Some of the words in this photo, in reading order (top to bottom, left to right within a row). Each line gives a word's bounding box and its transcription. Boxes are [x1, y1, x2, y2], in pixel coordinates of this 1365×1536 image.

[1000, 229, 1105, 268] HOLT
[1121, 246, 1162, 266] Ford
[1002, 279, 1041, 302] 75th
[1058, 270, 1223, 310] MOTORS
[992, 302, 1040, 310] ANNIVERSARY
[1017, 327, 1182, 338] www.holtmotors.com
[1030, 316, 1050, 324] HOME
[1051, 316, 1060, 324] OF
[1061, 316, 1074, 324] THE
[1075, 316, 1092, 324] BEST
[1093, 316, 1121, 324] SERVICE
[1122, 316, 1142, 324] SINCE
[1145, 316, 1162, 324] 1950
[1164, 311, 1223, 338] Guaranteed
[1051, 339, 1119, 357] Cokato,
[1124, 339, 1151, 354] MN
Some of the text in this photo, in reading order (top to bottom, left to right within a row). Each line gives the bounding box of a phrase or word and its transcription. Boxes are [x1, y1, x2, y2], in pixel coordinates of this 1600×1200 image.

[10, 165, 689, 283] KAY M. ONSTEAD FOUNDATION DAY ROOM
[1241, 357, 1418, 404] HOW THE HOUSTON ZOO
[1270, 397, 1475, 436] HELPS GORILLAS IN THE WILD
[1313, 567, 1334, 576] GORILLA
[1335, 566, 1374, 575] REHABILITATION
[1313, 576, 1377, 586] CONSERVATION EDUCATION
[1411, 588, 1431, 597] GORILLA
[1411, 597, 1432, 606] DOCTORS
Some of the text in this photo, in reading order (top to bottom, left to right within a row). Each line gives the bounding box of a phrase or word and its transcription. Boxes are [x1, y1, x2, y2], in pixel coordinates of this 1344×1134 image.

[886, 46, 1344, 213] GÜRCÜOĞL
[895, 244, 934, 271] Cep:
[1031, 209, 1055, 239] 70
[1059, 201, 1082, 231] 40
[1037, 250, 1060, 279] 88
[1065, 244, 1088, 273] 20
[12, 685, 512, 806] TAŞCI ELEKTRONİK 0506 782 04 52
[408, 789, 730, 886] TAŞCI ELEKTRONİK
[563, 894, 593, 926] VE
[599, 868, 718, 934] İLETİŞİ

▶ **YOUR TASK**:
Would you please write out the entries again exactly?

▶ **TASK OUTPUT**:
Some of the words in this photo, in reading order (top to bottom, left to right within a row). Each line gives a word's bounding box and its transcription. Boxes are [x1, y1, x2, y2], in pixel coordinates of this 1365×1536 image.

[1000, 229, 1105, 268] HOLT
[1121, 246, 1162, 266] Ford
[1002, 279, 1041, 302] 75th
[1058, 270, 1223, 310] MOTORS
[992, 302, 1040, 310] ANNIVERSARY
[1017, 327, 1182, 338] www.holtmotors.com
[1030, 316, 1050, 324] HOME
[1051, 316, 1060, 324] OF
[1061, 316, 1074, 324] THE
[1075, 316, 1092, 324] BEST
[1093, 316, 1121, 324] SERVICE
[1122, 316, 1142, 324] SINCE
[1145, 316, 1162, 324] 1950
[1164, 311, 1223, 338] Guaranteed
[1051, 339, 1119, 357] Cokato,
[1124, 339, 1151, 354] MN
Some of the text in this photo, in reading order (top to bottom, left to right within a row). Each line gives the bounding box of a phrase or word and its transcription. Boxes are [x1, y1, x2, y2], in pixel coordinates of this 1600×1200 image.

[10, 165, 689, 283] KAY M. ONSTEAD FOUNDATION DAY ROOM
[1241, 357, 1418, 404] HOW THE HOUSTON ZOO
[1270, 397, 1475, 436] HELPS GORILLAS IN THE WILD
[1313, 567, 1334, 576] GORILLA
[1335, 566, 1374, 575] REHABILITATION
[1313, 576, 1377, 586] CONSERVATION EDUCATION
[1411, 588, 1431, 597] GORILLA
[1411, 597, 1432, 606] DOCTORS
Some of the text in this photo, in reading order (top to bottom, left to right within a row). Each line gives the bounding box of a phrase or word and its transcription. Boxes are [x1, y1, x2, y2], in pixel coordinates of this 1344×1134 image.

[886, 46, 1344, 213] GÜRCÜOĞL
[895, 244, 934, 271] Cep:
[1031, 209, 1055, 239] 70
[1059, 201, 1082, 231] 40
[1037, 250, 1060, 279] 88
[1065, 244, 1088, 273] 20
[12, 685, 512, 806] TAŞCI ELEKTRONİK 0506 782 04 52
[408, 789, 730, 886] TAŞCI ELEKTRONİK
[563, 894, 593, 926] VE
[599, 868, 718, 934] İLETİŞİ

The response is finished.